### What is required
Give the whole listing again, exactly as written.

### Information provided
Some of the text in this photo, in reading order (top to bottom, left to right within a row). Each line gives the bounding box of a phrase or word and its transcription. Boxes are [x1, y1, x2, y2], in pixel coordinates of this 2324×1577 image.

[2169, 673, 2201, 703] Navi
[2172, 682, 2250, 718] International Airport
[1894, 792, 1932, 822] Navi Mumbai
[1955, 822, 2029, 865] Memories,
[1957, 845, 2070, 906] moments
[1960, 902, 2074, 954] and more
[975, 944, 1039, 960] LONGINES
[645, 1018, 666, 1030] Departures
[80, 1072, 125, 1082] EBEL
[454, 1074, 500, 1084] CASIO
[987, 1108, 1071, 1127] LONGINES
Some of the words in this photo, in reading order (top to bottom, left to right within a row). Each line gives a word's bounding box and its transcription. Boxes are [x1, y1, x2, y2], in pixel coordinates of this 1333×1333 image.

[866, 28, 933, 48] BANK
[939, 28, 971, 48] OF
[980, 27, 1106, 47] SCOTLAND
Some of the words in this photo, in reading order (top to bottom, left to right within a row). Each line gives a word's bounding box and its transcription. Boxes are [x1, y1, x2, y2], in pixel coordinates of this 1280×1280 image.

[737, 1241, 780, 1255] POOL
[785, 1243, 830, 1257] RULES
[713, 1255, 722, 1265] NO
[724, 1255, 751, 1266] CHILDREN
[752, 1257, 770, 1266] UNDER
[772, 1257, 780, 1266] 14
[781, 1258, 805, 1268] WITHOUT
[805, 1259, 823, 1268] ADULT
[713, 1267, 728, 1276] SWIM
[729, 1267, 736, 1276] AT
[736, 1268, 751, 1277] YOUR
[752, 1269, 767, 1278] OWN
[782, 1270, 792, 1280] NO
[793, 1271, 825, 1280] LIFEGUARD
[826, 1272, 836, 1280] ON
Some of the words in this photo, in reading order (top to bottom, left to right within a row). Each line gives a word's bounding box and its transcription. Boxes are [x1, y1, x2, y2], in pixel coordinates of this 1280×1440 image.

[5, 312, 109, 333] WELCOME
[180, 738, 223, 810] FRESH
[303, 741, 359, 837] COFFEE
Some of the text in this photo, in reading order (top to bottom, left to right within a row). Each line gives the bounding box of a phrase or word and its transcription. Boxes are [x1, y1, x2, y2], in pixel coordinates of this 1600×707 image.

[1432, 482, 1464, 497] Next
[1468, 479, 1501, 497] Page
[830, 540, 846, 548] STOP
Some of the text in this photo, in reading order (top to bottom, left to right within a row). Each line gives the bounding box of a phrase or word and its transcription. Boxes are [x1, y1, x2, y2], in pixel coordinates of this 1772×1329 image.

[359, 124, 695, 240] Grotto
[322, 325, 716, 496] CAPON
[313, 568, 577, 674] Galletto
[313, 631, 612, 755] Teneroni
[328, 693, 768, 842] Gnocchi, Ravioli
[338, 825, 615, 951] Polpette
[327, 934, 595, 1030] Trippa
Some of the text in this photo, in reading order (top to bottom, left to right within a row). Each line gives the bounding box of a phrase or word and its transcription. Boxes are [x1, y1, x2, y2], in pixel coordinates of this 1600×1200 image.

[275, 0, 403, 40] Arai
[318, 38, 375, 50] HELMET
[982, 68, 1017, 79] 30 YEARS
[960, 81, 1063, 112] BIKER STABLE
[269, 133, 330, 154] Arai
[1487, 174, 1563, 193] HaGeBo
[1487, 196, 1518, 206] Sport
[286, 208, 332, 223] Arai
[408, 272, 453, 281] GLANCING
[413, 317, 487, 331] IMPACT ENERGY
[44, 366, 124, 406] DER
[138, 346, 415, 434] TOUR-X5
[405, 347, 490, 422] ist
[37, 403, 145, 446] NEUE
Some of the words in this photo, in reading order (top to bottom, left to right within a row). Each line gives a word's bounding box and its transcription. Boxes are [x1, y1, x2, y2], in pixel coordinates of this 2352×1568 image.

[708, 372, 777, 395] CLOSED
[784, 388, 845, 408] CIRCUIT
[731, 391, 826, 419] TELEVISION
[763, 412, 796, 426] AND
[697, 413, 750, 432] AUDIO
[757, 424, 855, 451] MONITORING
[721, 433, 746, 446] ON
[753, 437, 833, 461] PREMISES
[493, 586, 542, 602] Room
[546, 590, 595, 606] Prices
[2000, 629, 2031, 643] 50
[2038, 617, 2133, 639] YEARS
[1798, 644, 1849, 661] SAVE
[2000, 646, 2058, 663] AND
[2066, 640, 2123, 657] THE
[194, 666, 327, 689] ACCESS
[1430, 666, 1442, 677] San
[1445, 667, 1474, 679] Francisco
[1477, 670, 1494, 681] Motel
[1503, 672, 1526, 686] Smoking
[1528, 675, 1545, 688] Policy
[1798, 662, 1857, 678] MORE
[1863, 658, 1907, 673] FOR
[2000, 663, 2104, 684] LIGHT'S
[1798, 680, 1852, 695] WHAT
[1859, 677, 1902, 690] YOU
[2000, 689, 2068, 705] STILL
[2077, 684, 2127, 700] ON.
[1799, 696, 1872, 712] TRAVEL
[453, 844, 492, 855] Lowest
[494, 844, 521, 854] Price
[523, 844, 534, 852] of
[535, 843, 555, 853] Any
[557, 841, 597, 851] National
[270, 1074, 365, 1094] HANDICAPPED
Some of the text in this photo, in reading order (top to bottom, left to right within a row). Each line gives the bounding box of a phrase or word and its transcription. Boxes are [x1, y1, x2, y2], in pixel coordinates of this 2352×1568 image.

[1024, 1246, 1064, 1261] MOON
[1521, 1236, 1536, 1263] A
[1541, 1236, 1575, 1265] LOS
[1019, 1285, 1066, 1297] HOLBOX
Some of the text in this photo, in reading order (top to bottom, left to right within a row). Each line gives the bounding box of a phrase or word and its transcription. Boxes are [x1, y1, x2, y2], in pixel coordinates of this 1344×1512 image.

### Problem solution
Some of the text in this photo, in reading order (top to bottom, left to right within a row). Each line gives the bounding box of a phrase or word and its transcription. Boxes are [x1, y1, x2, y2], in pixel coordinates of this 2324×1577 image.

[2169, 673, 2201, 703] Navi
[2172, 682, 2250, 718] International Airport
[1894, 792, 1932, 822] Navi Mumbai
[1955, 822, 2029, 865] Memories,
[1957, 845, 2070, 906] moments
[1960, 902, 2074, 954] and more
[975, 944, 1039, 960] LONGINES
[645, 1018, 666, 1030] Departures
[80, 1072, 125, 1082] EBEL
[454, 1074, 500, 1084] CASIO
[987, 1108, 1071, 1127] LONGINES
Some of the words in this photo, in reading order (top to bottom, left to right within a row). Each line gives a word's bounding box and its transcription. Boxes are [x1, y1, x2, y2], in pixel coordinates of this 1333×1333 image.

[866, 28, 933, 48] BANK
[939, 28, 971, 48] OF
[980, 27, 1106, 47] SCOTLAND
Some of the words in this photo, in reading order (top to bottom, left to right within a row). Each line gives a word's bounding box and its transcription. Boxes are [x1, y1, x2, y2], in pixel coordinates of this 1280×1280 image.

[737, 1241, 780, 1255] POOL
[785, 1243, 830, 1257] RULES
[713, 1255, 722, 1265] NO
[724, 1255, 751, 1266] CHILDREN
[752, 1257, 770, 1266] UNDER
[772, 1257, 780, 1266] 14
[781, 1258, 805, 1268] WITHOUT
[805, 1259, 823, 1268] ADULT
[713, 1267, 728, 1276] SWIM
[729, 1267, 736, 1276] AT
[736, 1268, 751, 1277] YOUR
[752, 1269, 767, 1278] OWN
[782, 1270, 792, 1280] NO
[793, 1271, 825, 1280] LIFEGUARD
[826, 1272, 836, 1280] ON
Some of the words in this photo, in reading order (top to bottom, left to right within a row). Each line gives a word's bounding box and its transcription. Boxes are [x1, y1, x2, y2], in pixel coordinates of this 1280×1440 image.

[5, 312, 109, 333] WELCOME
[180, 738, 223, 810] FRESH
[303, 741, 359, 837] COFFEE
Some of the text in this photo, in reading order (top to bottom, left to right within a row). Each line gives the bounding box of a phrase or word and its transcription. Boxes are [x1, y1, x2, y2], in pixel coordinates of this 1600×707 image.

[1432, 482, 1464, 497] Next
[1468, 479, 1501, 497] Page
[830, 540, 846, 548] STOP
Some of the text in this photo, in reading order (top to bottom, left to right within a row). Each line gives the bounding box of a phrase or word and its transcription. Boxes are [x1, y1, x2, y2], in pixel coordinates of this 1772×1329 image.

[359, 124, 695, 240] Grotto
[322, 325, 716, 496] CAPON
[313, 568, 577, 674] Galletto
[313, 631, 612, 755] Teneroni
[328, 693, 768, 842] Gnocchi, Ravioli
[338, 825, 615, 951] Polpette
[327, 934, 595, 1030] Trippa
Some of the text in this photo, in reading order (top to bottom, left to right within a row). Each line gives the bounding box of a phrase or word and its transcription. Boxes are [x1, y1, x2, y2], in pixel coordinates of this 1600×1200 image.

[275, 0, 403, 40] Arai
[318, 38, 375, 50] HELMET
[982, 68, 1017, 79] 30 YEARS
[960, 81, 1063, 112] BIKER STABLE
[269, 133, 330, 154] Arai
[1487, 174, 1563, 193] HaGeBo
[1487, 196, 1518, 206] Sport
[286, 208, 332, 223] Arai
[408, 272, 453, 281] GLANCING
[413, 317, 487, 331] IMPACT ENERGY
[44, 366, 124, 406] DER
[138, 346, 415, 434] TOUR-X5
[405, 347, 490, 422] ist
[37, 403, 145, 446] NEUE
Some of the words in this photo, in reading order (top to bottom, left to right within a row). Each line gives a word's bounding box and its transcription. Boxes are [x1, y1, x2, y2], in pixel coordinates of this 2352×1568 image.

[708, 372, 777, 395] CLOSED
[784, 388, 845, 408] CIRCUIT
[731, 391, 826, 419] TELEVISION
[763, 412, 796, 426] AND
[697, 413, 750, 432] AUDIO
[757, 424, 855, 451] MONITORING
[721, 433, 746, 446] ON
[753, 437, 833, 461] PREMISES
[493, 586, 542, 602] Room
[546, 590, 595, 606] Prices
[2000, 629, 2031, 643] 50
[2038, 617, 2133, 639] YEARS
[1798, 644, 1849, 661] SAVE
[2000, 646, 2058, 663] AND
[2066, 640, 2123, 657] THE
[194, 666, 327, 689] ACCESS
[1430, 666, 1442, 677] San
[1445, 667, 1474, 679] Francisco
[1477, 670, 1494, 681] Motel
[1503, 672, 1526, 686] Smoking
[1528, 675, 1545, 688] Policy
[1798, 662, 1857, 678] MORE
[1863, 658, 1907, 673] FOR
[2000, 663, 2104, 684] LIGHT'S
[1798, 680, 1852, 695] WHAT
[1859, 677, 1902, 690] YOU
[2000, 689, 2068, 705] STILL
[2077, 684, 2127, 700] ON.
[1799, 696, 1872, 712] TRAVEL
[453, 844, 492, 855] Lowest
[494, 844, 521, 854] Price
[523, 844, 534, 852] of
[535, 843, 555, 853] Any
[557, 841, 597, 851] National
[270, 1074, 365, 1094] HANDICAPPED
Some of the text in this photo, in reading order (top to bottom, left to right within a row). Each line gives the bounding box of a phrase or word and its transcription. Boxes are [x1, y1, x2, y2], in pixel coordinates of this 2352×1568 image.

[1024, 1246, 1064, 1261] MOON
[1521, 1236, 1536, 1263] A
[1541, 1236, 1575, 1265] LOS
[1019, 1285, 1066, 1297] HOLBOX
Some of the text in this photo, in reading order (top to bottom, left to right within a row). Each line gives the bounding box of a phrase or word and its transcription. Boxes are [x1, y1, x2, y2], in pixel coordinates of this 1344×1512 image.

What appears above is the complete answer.